Sorry for the planner talk two posts in a row. It's October, which is close enough to 2025 for it to be planner season and I'm excited.

I'm sharing more from my 2024 planner although I'm going to embarrass myself because my work is clearly amateurish. I'm learning and I hope to improve as I do this a few more times.

Because I enjoy vellum images, I decided to add some to the blank pages in my soon-to-be-expired planner. I tried pasting them down, taping in tip-ins on the inner edge, the outer edge, and the bottom edge, and it was a mixed bag.

Some of it kind of turned out okay. Most of it didn't end up looking very good at all. And I have more vellum to try out as I desperately try to fill up pages.

The crazy thing is that a lot of people who use this planner create daily pages on these blank pages (368 of them, perfect for a year's worth) and I never thought of it. Argh!

Next year, I will use the blank pages to journal one page a day and won't have this problem.

I started with a tip-in. For those unfamiliar, that means the page is only attached on one side and it opens out to show the page below. I fastened this one to the spine side. And somehow, I cut the vellum too short for the book. I had it laid right over the page while I cut with the scissors, so I don't know how it happened, but otherwise it pasted in well and works as expected. I'm giving myself a B+.


The vellum on these two pages is pasted down on the left, and a tip-in on the right. This one is pasted down at the bottom edge.

This one? Well, the left page has very little room left to write and it's narrow at the top before widening out. The tip-in on the right is a mess. I ended up just folding the vellum at the tape line in order to write. This one is probably a D.


I had a small piece of vellum left over from this design and I just pasted it down on the top of the next page. Nothing special. Grade is a C.


New day, new design for the vellum. The picture above this paragraph is the tip-in from the front view. The picture below is with the tip-in paged over to expose the notebook page below.


On the plus side, this page was cut much closer to the right size than the previous version.

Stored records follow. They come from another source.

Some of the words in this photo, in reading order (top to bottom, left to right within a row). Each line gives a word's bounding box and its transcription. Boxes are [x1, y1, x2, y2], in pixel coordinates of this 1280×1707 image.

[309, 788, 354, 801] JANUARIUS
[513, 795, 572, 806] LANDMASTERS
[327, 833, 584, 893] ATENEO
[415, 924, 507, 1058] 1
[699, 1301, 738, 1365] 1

The negative? I taped it down too far onto the writing page and it pulls it, which I don't like. I did better the first time I tried this. C-.


There was a little problem with the glue here. I tried to rub it off, but as you can see on the left-hand side, I wasn't successful at getting it off. I also managed to crinkle the pages, and I didn't get the vellum on the right-hand side glued down correctly. I ended up taking a scissors to trim off the excess. F. Maybe an F-.

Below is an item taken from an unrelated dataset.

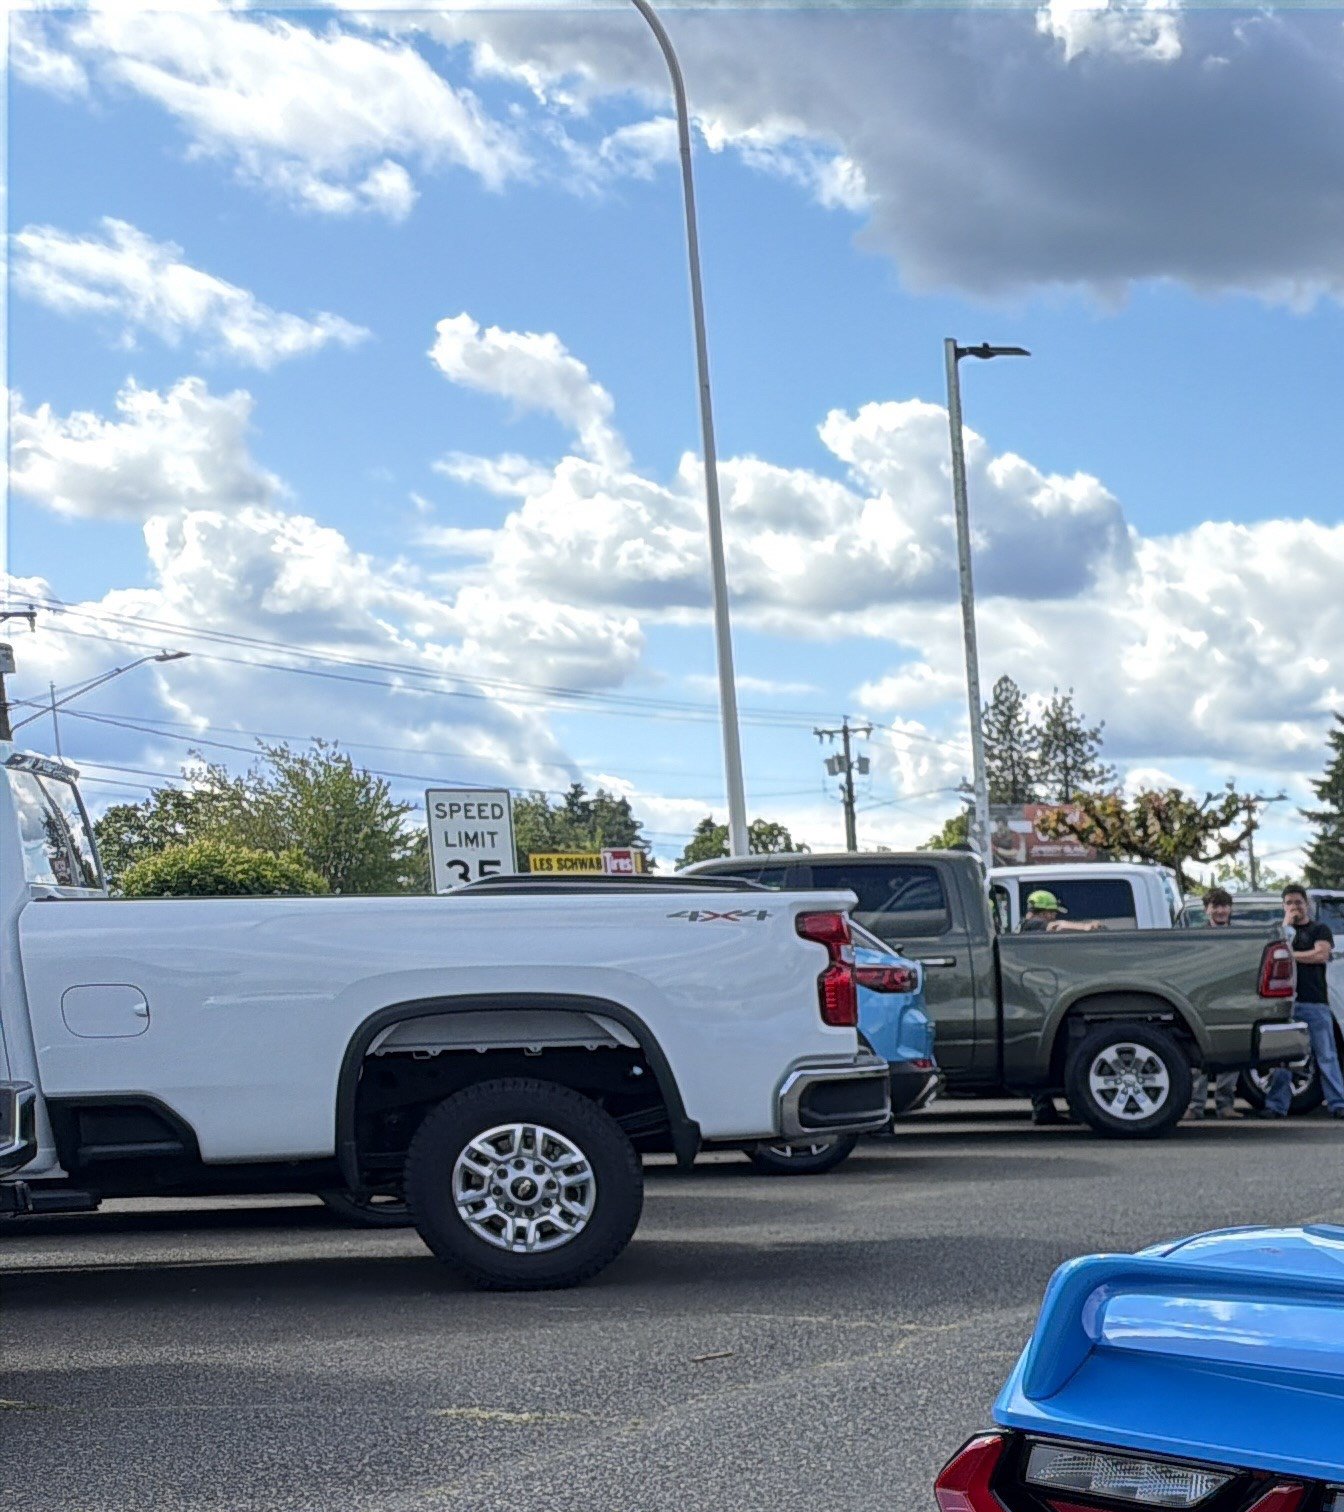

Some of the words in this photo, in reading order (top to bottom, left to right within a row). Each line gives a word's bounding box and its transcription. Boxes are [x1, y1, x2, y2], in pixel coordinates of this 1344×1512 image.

[435, 803, 504, 820] SPEED
[444, 831, 499, 848] LIMIT
[532, 857, 554, 872] LES

The final two pictures are the same page. This is a tip-in I fastened to the outer edge of the page. This also got into epic fail territory. I managed to crinkle the page badly, the tape isn't folded over the page well, pulling on the other side, and it's horrible. Another F-


I'm hoping I get better at this because I really do enjoy the idea, and the vellum looks so cool when it's done even halfway correctly. 

I have eight more pages of vellum design printed. If I can't figure it out in that number, I might have to give it up.